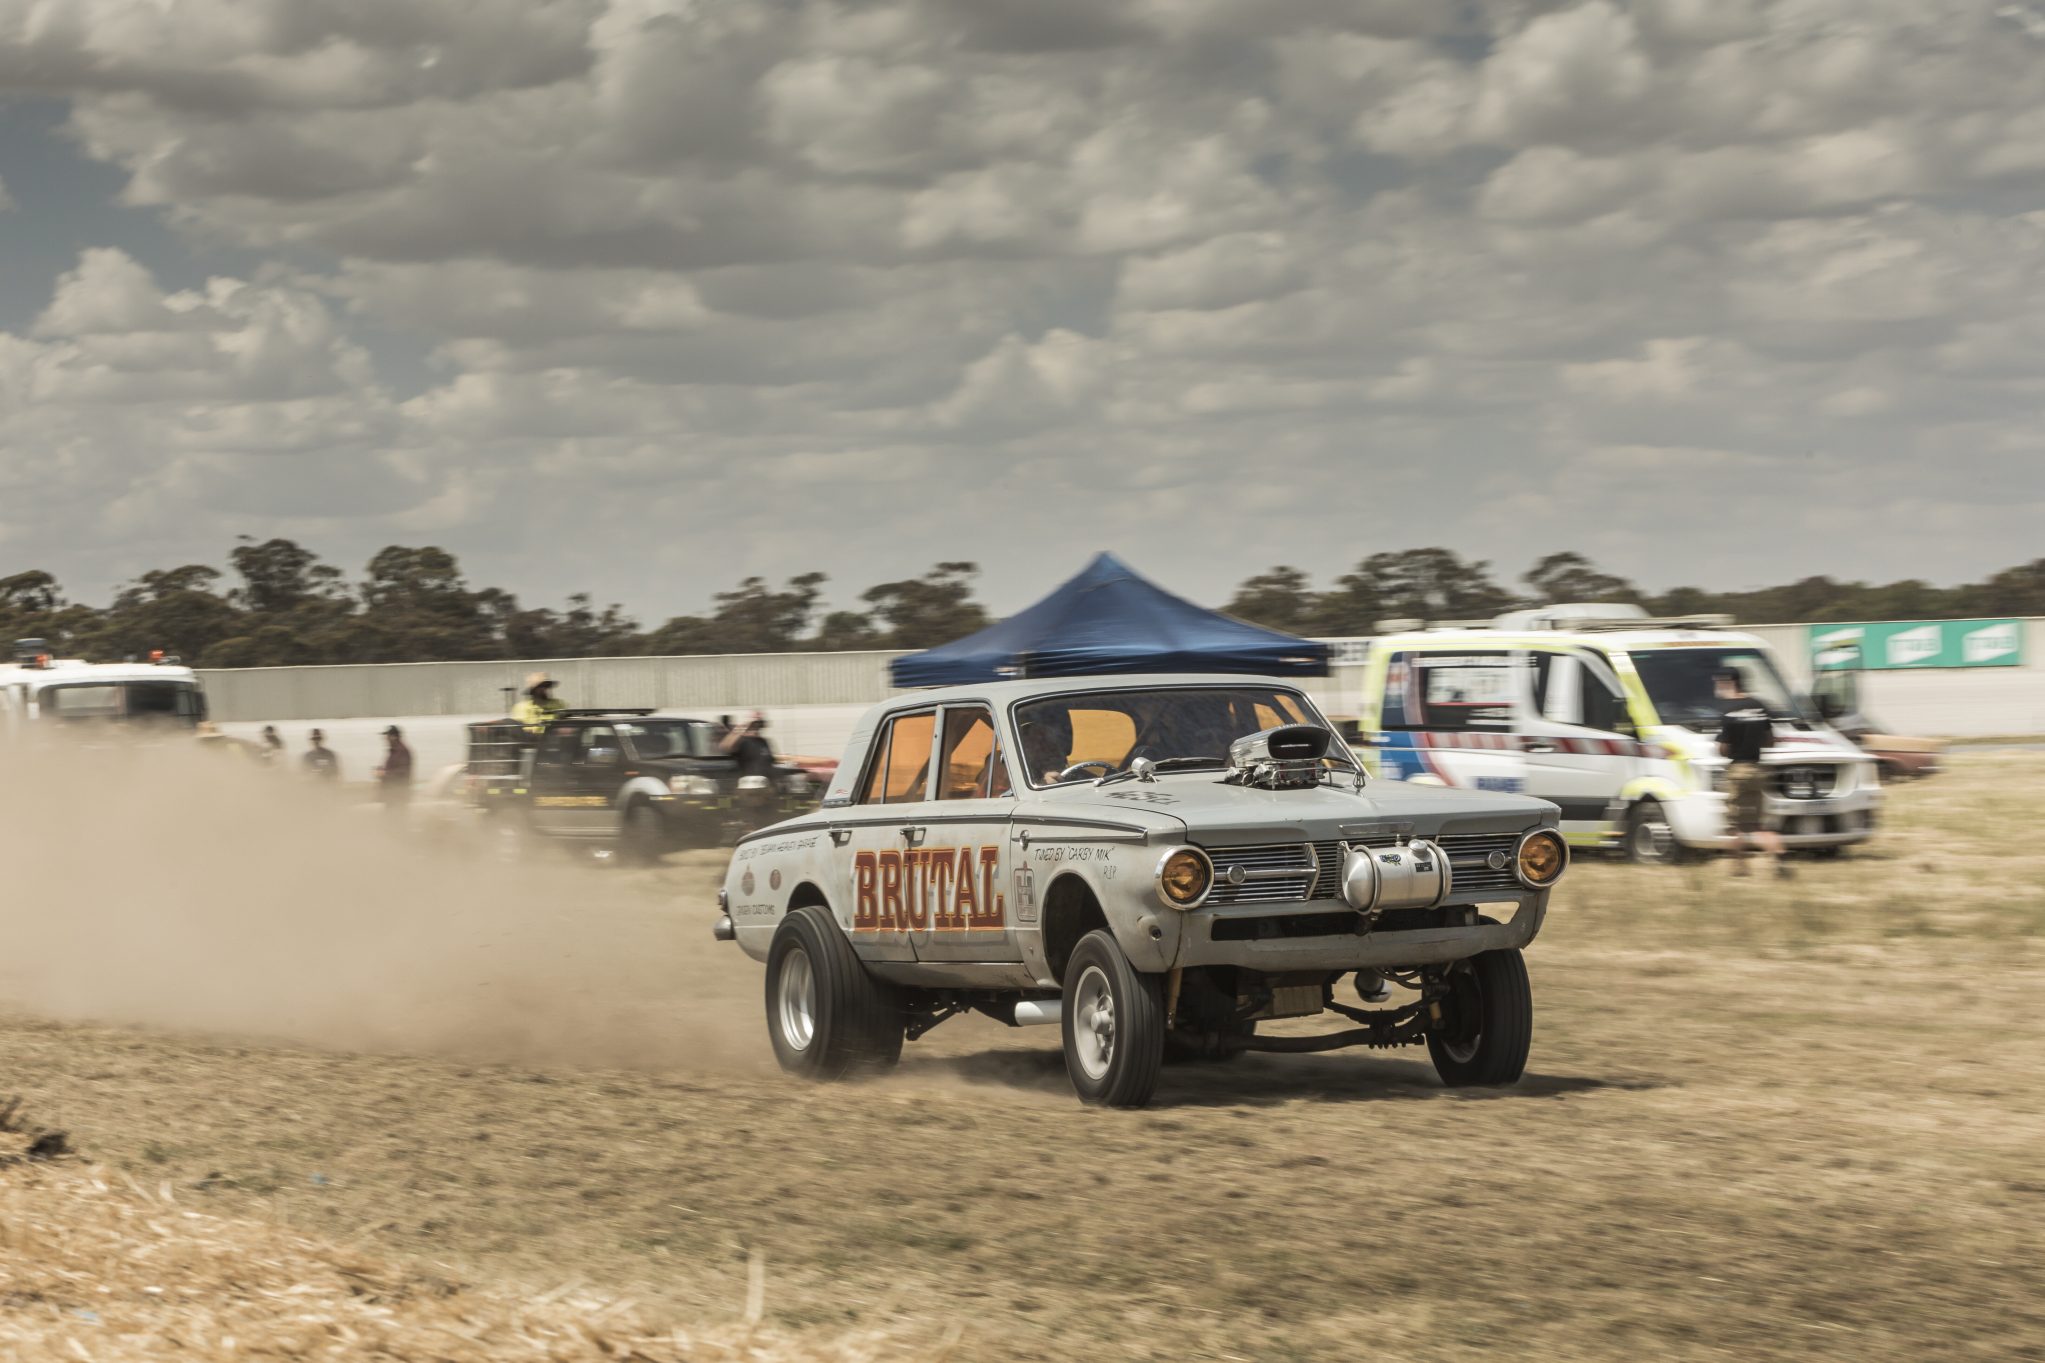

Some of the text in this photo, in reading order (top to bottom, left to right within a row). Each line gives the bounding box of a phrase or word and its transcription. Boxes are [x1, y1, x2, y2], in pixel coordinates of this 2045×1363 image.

[1034, 848, 1054, 861] TUNED
[1055, 847, 1065, 861] BY
[854, 846, 1005, 932] BRUTAL
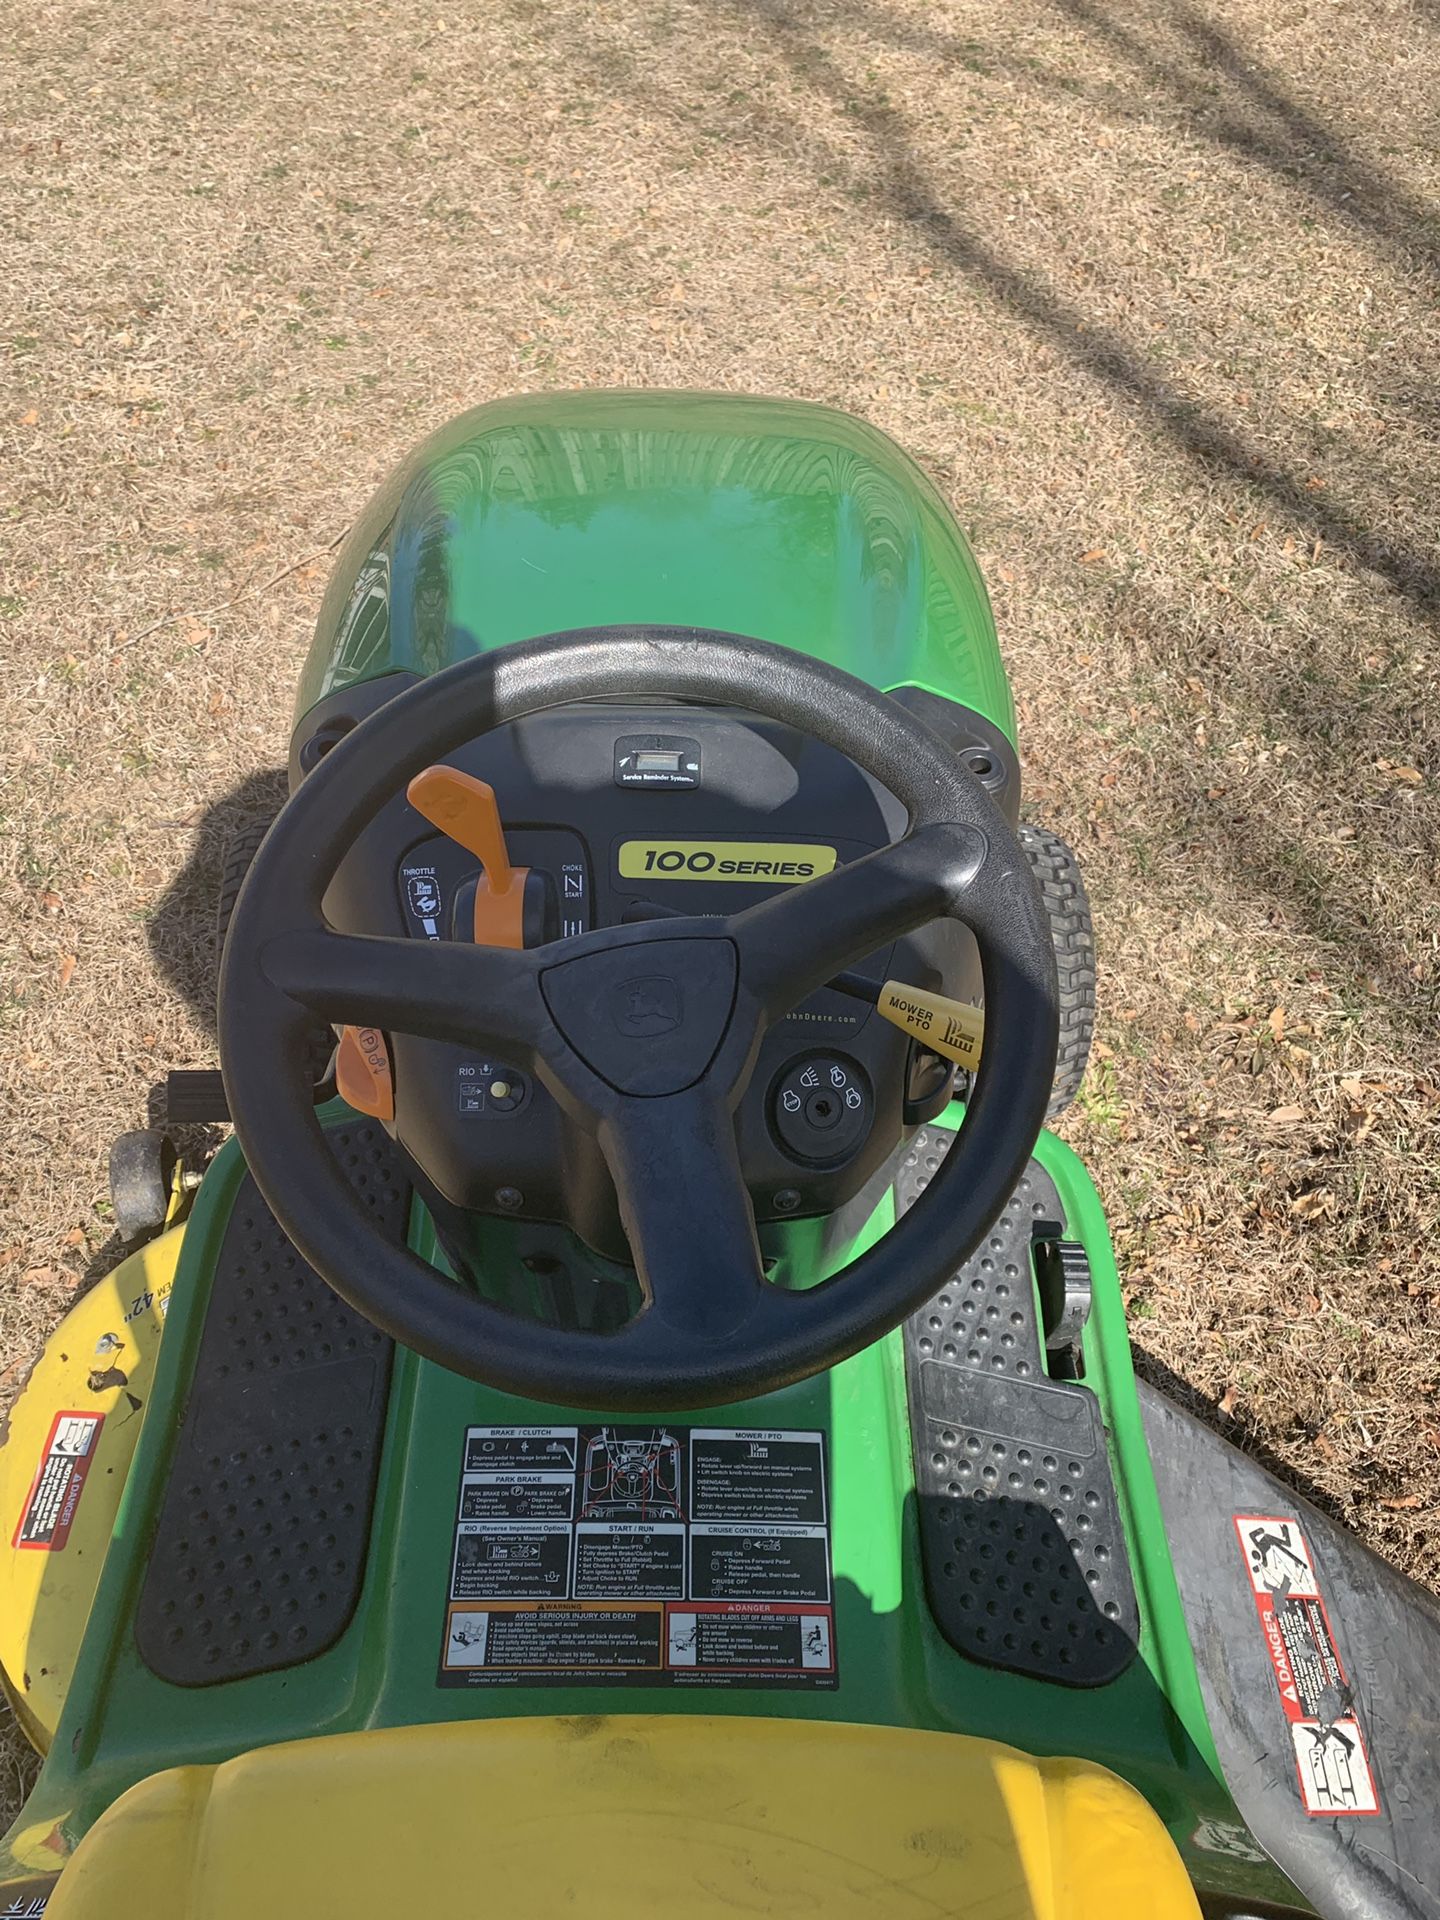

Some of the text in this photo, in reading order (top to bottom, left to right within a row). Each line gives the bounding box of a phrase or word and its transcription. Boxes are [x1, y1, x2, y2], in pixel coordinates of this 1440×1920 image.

[645, 851, 814, 876] 100 SERIES
[786, 1012, 856, 1023] ohnDeere.com
[889, 997, 933, 1021] MOWER
[907, 1016, 930, 1030] PTO
[459, 1068, 475, 1076] RIO
[46, 1464, 74, 1530] ROTATING BLADE
[60, 1485, 80, 1526] DANGER
[1263, 1610, 1291, 1682] DANGER
[1278, 1617, 1304, 1697] ROTATING BLADE
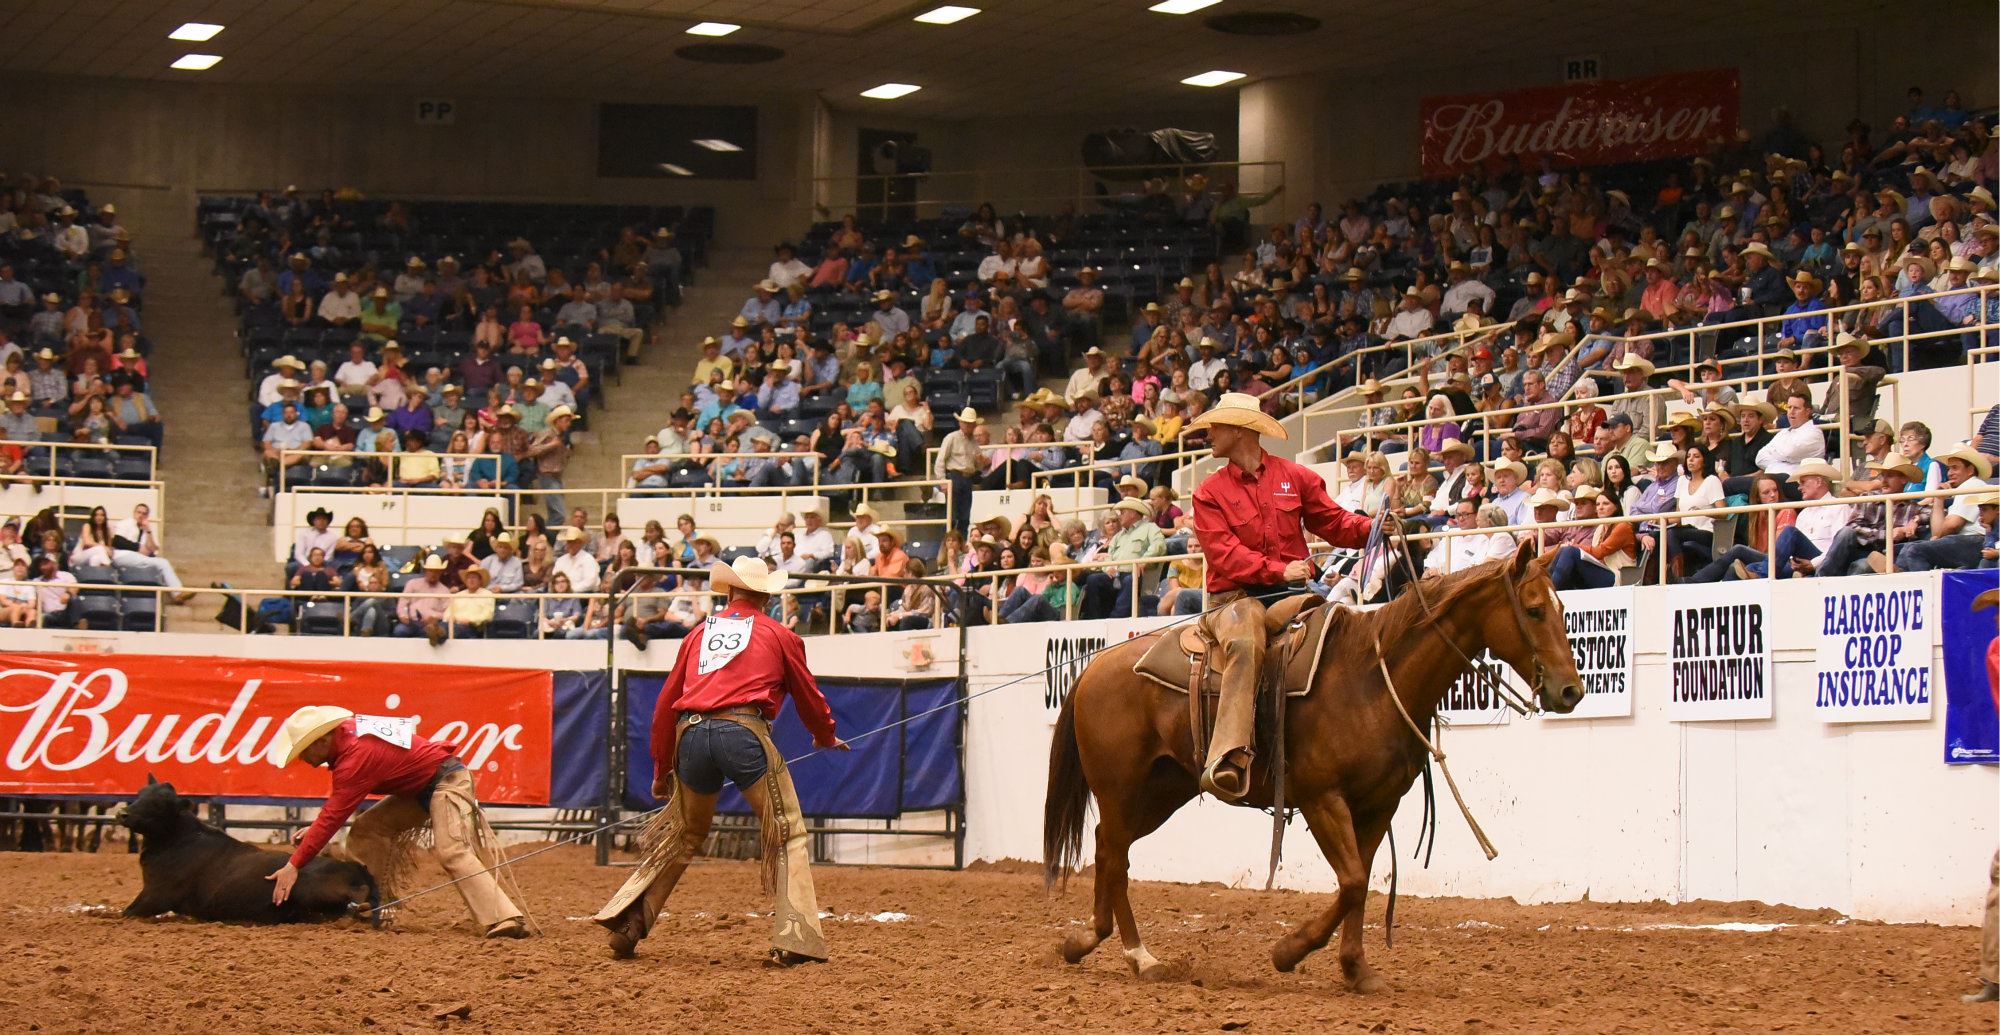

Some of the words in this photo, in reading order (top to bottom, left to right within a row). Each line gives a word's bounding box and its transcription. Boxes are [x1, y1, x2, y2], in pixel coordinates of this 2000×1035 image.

[1567, 60, 1597, 79] RR
[420, 102, 452, 119] PP
[1432, 97, 1722, 166] Budweiser
[1823, 589, 1923, 635] HARGROVE
[708, 632, 742, 651] 63
[1673, 604, 1763, 658] ARTHUR
[1845, 634, 1902, 669] CROP
[1579, 672, 1625, 694] MENTS
[1673, 657, 1763, 702] FOUNDATION
[1816, 667, 1929, 707] INSURANCE
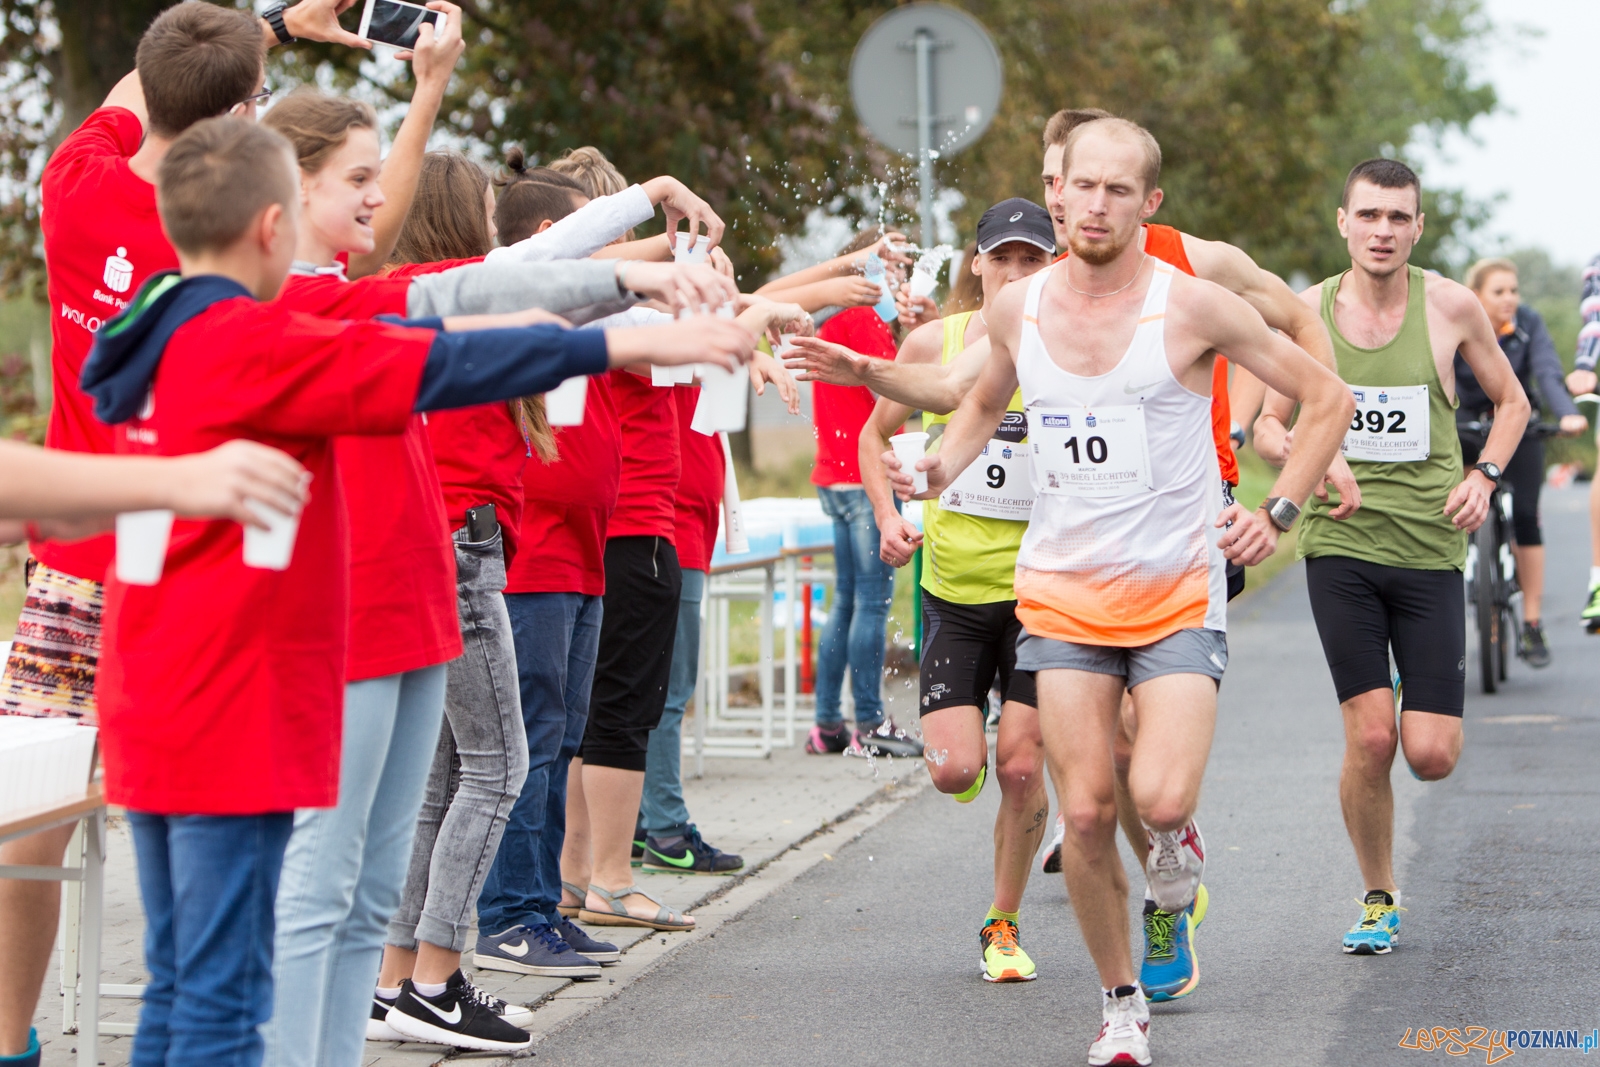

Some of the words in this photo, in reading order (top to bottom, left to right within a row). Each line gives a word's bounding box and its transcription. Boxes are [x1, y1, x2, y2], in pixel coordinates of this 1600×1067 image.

━━━━━━━━━━

Your copy of the data should match it exactly, apart from the images, which are omitted.

Some of the text in this photo, in reading order (top to bottom, left to right within a row). Each line gives the bounding box of a phrase or word and its transcription. Boxes are [x1, y1, x2, y2], in pixel coordinates of this 2045×1363 image.

[1034, 848, 1054, 861] TUNED
[1055, 847, 1065, 861] BY
[854, 846, 1005, 932] BRUTAL

Some of the text in this photo, in reading order (top to bottom, left to right within a row). Each line gives the bounding box of a phrase or word and its transcription. Boxes are [x1, y1, x2, y2], in pixel coordinates of this 1440×1920 image.

[645, 851, 814, 876] 100 SERIES
[786, 1012, 856, 1023] ohnDeere.com
[889, 997, 933, 1021] MOWER
[907, 1016, 930, 1030] PTO
[459, 1068, 475, 1076] RIO
[46, 1464, 74, 1530] ROTATING BLADE
[60, 1485, 80, 1526] DANGER
[1263, 1610, 1291, 1682] DANGER
[1278, 1617, 1304, 1697] ROTATING BLADE

Some of the words in this photo, in reading order (top to bottom, left to right within a row). Each line gives a word's bounding box and its transcription. Boxes are [x1, y1, x2, y2], in pixel coordinates of this 2000×1035 image.

[1567, 60, 1597, 79] RR
[420, 102, 452, 119] PP
[1432, 97, 1722, 166] Budweiser
[1823, 589, 1923, 635] HARGROVE
[708, 632, 742, 651] 63
[1673, 604, 1763, 658] ARTHUR
[1845, 634, 1902, 669] CROP
[1579, 672, 1625, 694] MENTS
[1673, 657, 1763, 702] FOUNDATION
[1816, 667, 1929, 707] INSURANCE

Some of the words in this photo, in reading order (top to bottom, left to right within a row). Each line gives a word's bounding box and its transcription. Boxes are [x1, y1, x2, y2], in pixel coordinates of this 1600×1067 image.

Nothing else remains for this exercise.